EXCERPTED RECORDS:
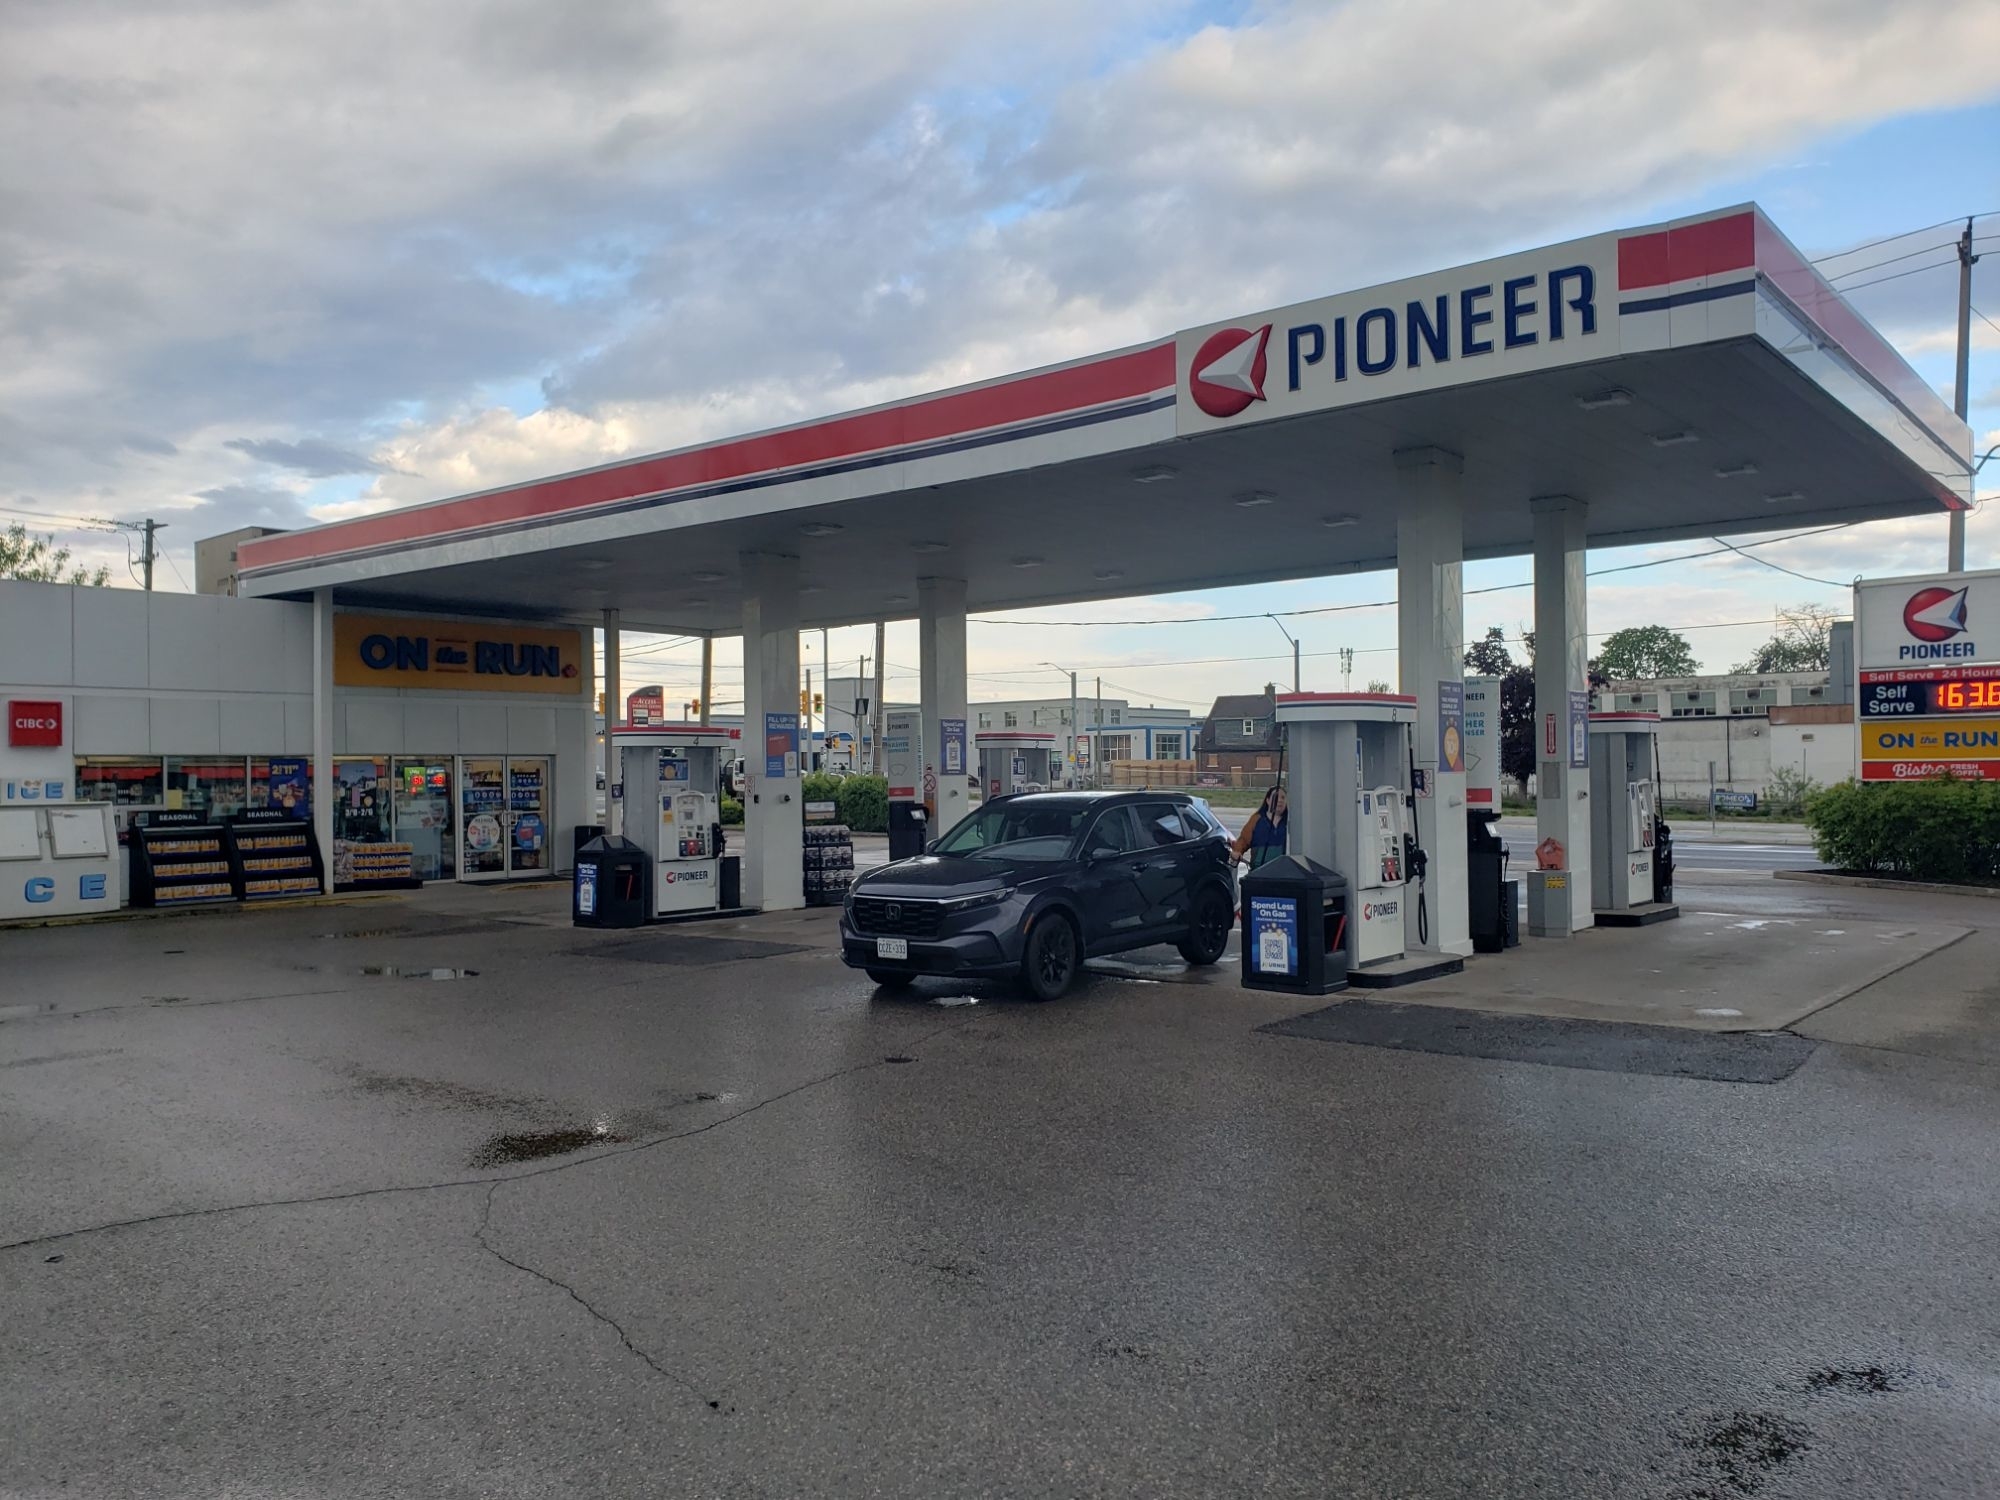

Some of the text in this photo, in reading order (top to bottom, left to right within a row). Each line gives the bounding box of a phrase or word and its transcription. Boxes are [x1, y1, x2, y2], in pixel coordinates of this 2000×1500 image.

[1287, 264, 1598, 392] PIONEER
[360, 634, 560, 678] ON the RUN
[1899, 642, 1975, 660] PIONEER
[1868, 672, 1893, 682] Self
[1897, 671, 1934, 681] Serve
[1942, 669, 1958, 679] 24
[1465, 692, 1485, 701] NEER
[1876, 685, 1908, 699] Self
[1869, 700, 1915, 713] Serve
[1391, 708, 1397, 721] 8
[15, 718, 45, 729] CIBC
[1465, 719, 1485, 728] HER
[1878, 731, 1998, 749] ON the RUN
[1892, 762, 1946, 778] Bistro
[7, 782, 64, 800] ICE
[159, 813, 198, 821] SEASONAL
[247, 810, 283, 818] SEASONAL
[677, 871, 708, 882] PIONEER
[1251, 901, 1294, 911] Spend Less
[1373, 901, 1398, 917] PIONEER
[1259, 909, 1287, 918] On Gas

INSTRUCTIONS TO FOLLOW:
If pictures appear among the records, do not carry them over; retype the rest exactly.

YOUR RESPONSE:
Some of the text in this photo, in reading order (top to bottom, left to right within a row). Each line gives the bounding box of a phrase or word and its transcription. Boxes are [x1, y1, x2, y2], in pixel coordinates of this 2000×1500 image.

[1287, 264, 1598, 392] PIONEER
[360, 634, 560, 678] ON the RUN
[1899, 642, 1975, 660] PIONEER
[1868, 672, 1893, 682] Self
[1897, 671, 1934, 681] Serve
[1942, 669, 1958, 679] 24
[1465, 692, 1485, 701] NEER
[1876, 685, 1908, 699] Self
[1869, 700, 1915, 713] Serve
[1391, 708, 1397, 721] 8
[15, 718, 45, 729] CIBC
[1465, 719, 1485, 728] HER
[1878, 731, 1998, 749] ON the RUN
[1892, 762, 1946, 778] Bistro
[7, 782, 64, 800] ICE
[159, 813, 198, 821] SEASONAL
[247, 810, 283, 818] SEASONAL
[677, 871, 708, 882] PIONEER
[1251, 901, 1294, 911] Spend Less
[1373, 901, 1398, 917] PIONEER
[1259, 909, 1287, 918] On Gas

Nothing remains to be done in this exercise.